═════ Records shown

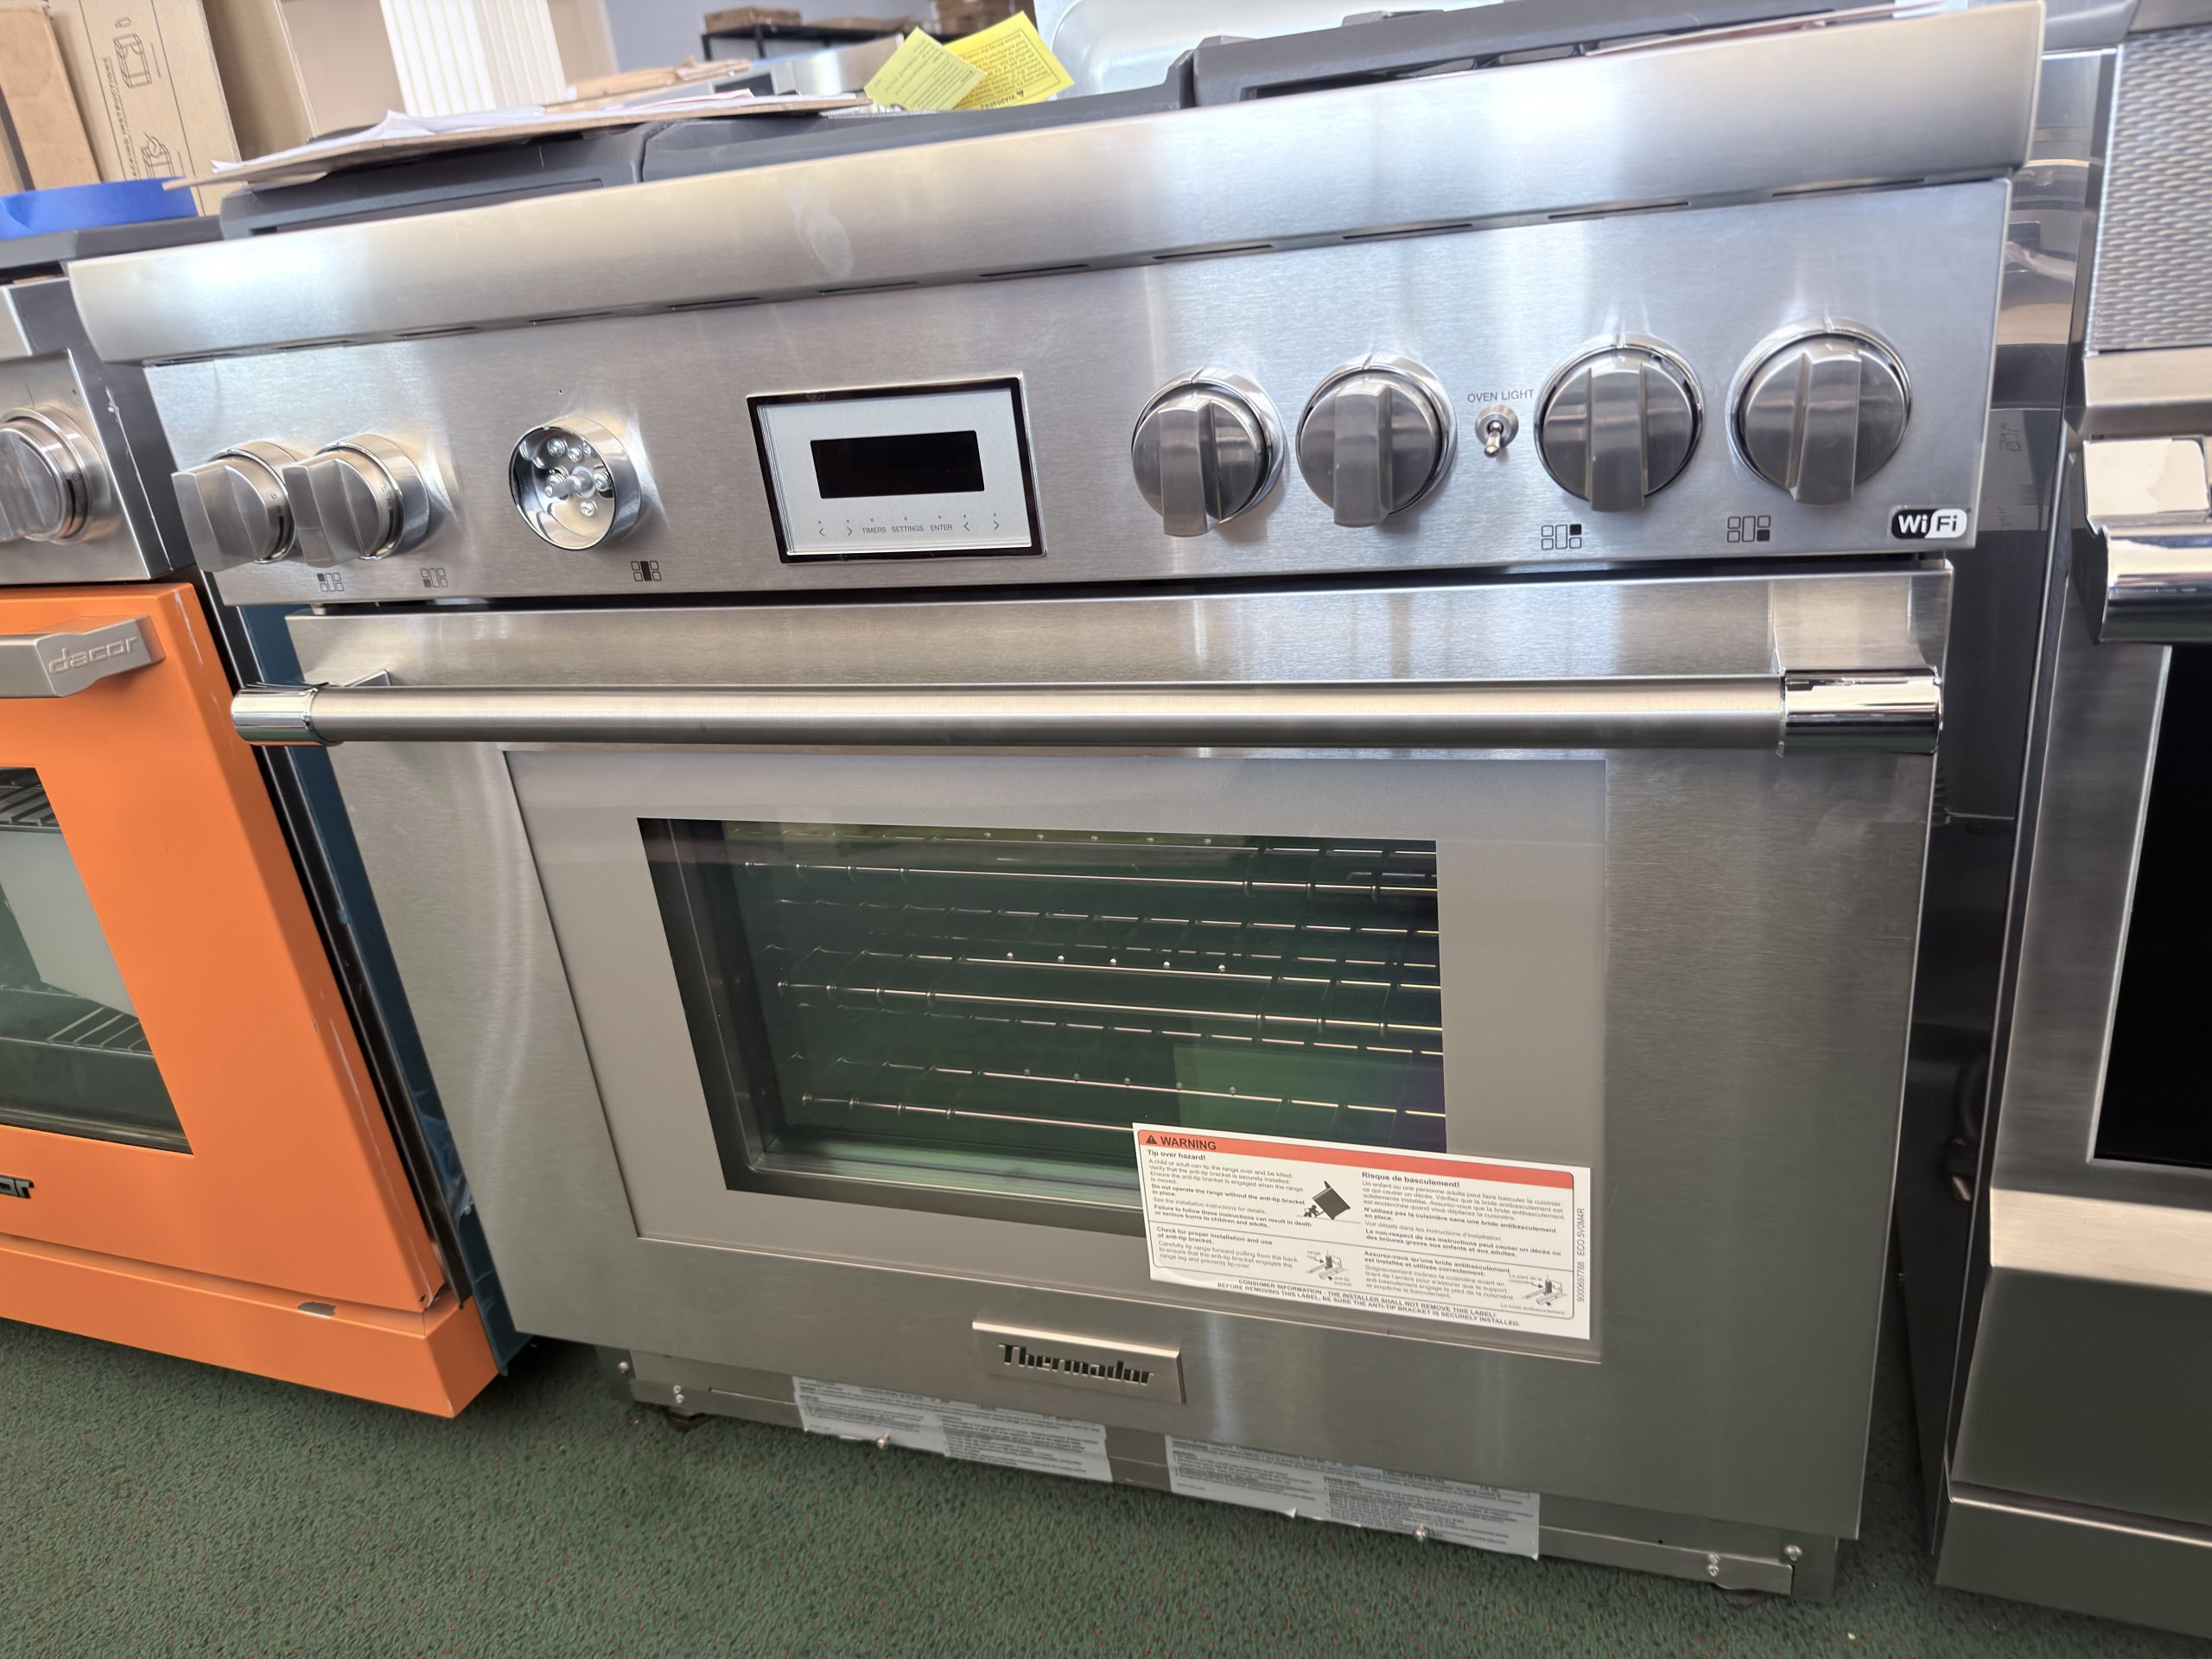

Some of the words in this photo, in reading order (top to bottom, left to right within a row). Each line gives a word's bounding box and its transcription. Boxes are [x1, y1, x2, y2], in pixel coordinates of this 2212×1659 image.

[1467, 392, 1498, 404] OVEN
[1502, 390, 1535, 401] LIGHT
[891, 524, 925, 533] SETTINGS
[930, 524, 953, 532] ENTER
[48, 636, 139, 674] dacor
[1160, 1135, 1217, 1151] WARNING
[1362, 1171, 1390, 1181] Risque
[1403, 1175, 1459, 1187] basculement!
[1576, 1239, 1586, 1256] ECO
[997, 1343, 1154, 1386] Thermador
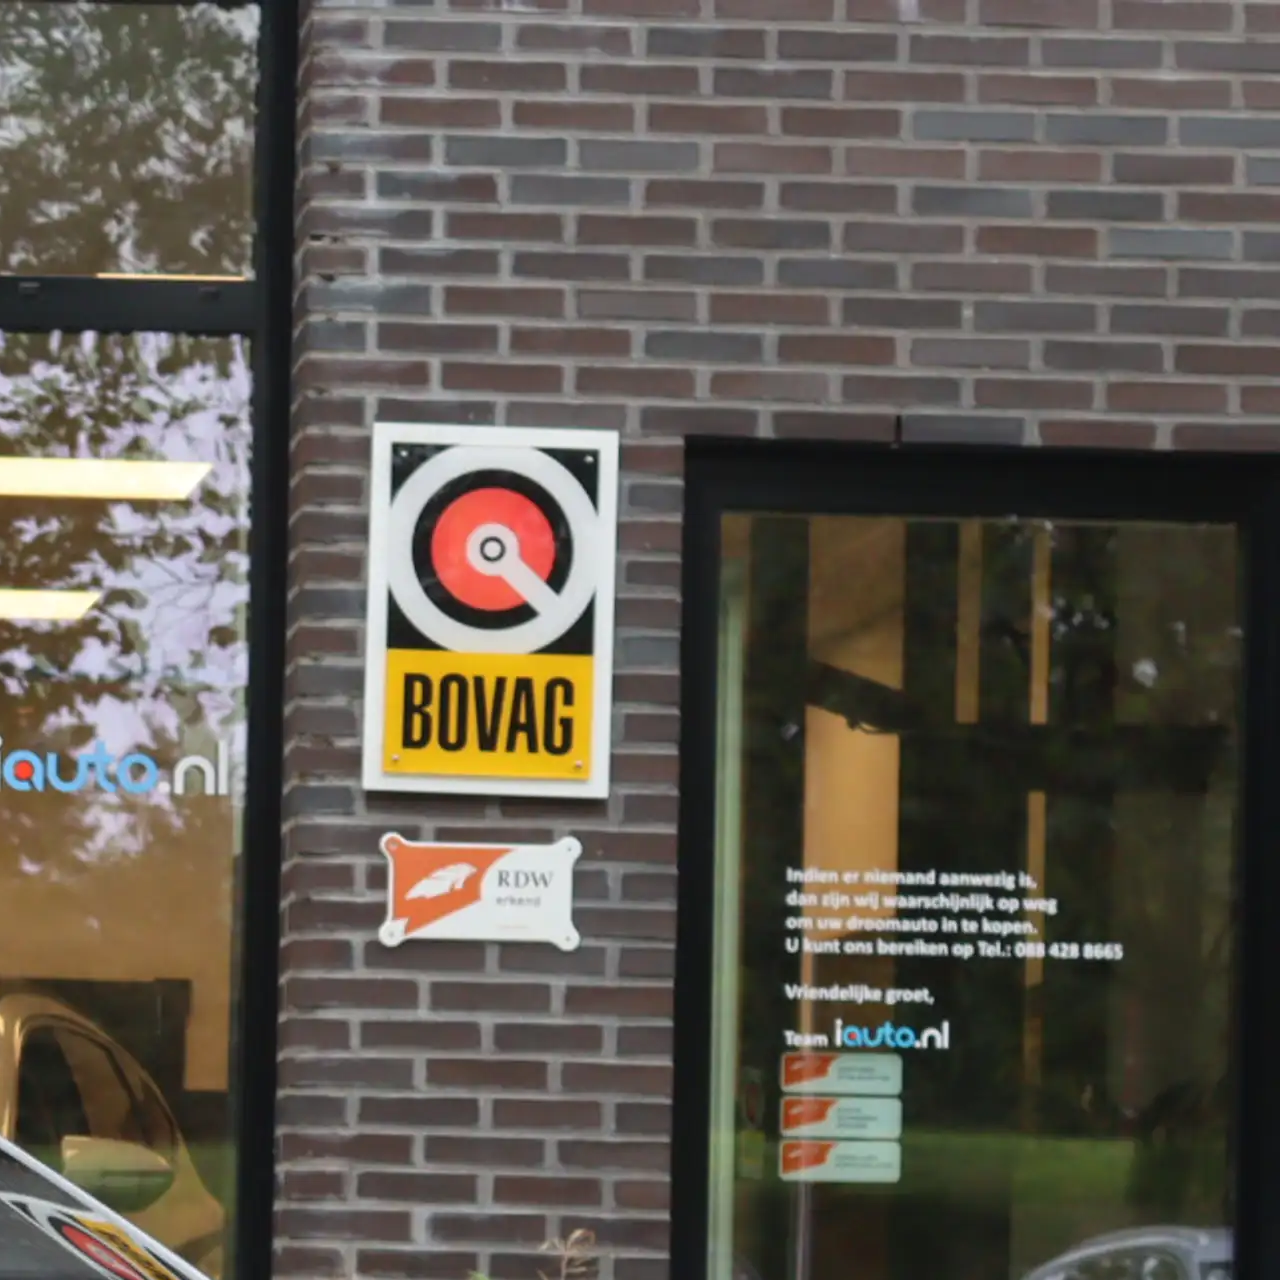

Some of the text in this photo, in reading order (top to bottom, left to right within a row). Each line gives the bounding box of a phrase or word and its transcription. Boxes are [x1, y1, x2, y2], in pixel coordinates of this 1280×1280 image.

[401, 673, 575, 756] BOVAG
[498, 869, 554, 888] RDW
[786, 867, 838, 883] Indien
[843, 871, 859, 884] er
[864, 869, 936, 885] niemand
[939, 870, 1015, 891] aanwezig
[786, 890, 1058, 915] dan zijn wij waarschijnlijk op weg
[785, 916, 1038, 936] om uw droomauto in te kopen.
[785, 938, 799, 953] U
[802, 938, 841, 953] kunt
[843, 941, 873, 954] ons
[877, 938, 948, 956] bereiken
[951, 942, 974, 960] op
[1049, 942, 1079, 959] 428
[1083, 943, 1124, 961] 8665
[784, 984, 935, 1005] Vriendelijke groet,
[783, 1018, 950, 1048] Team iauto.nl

══════════

• _Action item_: Reprint exactly, and only, the lines running from the one containing "Some of the text" through the last line of the listing above.

• _Finished exercise_:
Some of the text in this photo, in reading order (top to bottom, left to right within a row). Each line gives the bounding box of a phrase or word and its transcription. Boxes are [x1, y1, x2, y2], in pixel coordinates of this 1280×1280 image.

[401, 673, 575, 756] BOVAG
[498, 869, 554, 888] RDW
[786, 867, 838, 883] Indien
[843, 871, 859, 884] er
[864, 869, 936, 885] niemand
[939, 870, 1015, 891] aanwezig
[786, 890, 1058, 915] dan zijn wij waarschijnlijk op weg
[785, 916, 1038, 936] om uw droomauto in te kopen.
[785, 938, 799, 953] U
[802, 938, 841, 953] kunt
[843, 941, 873, 954] ons
[877, 938, 948, 956] bereiken
[951, 942, 974, 960] op
[1049, 942, 1079, 959] 428
[1083, 943, 1124, 961] 8665
[784, 984, 935, 1005] Vriendelijke groet,
[783, 1018, 950, 1048] Team iauto.nl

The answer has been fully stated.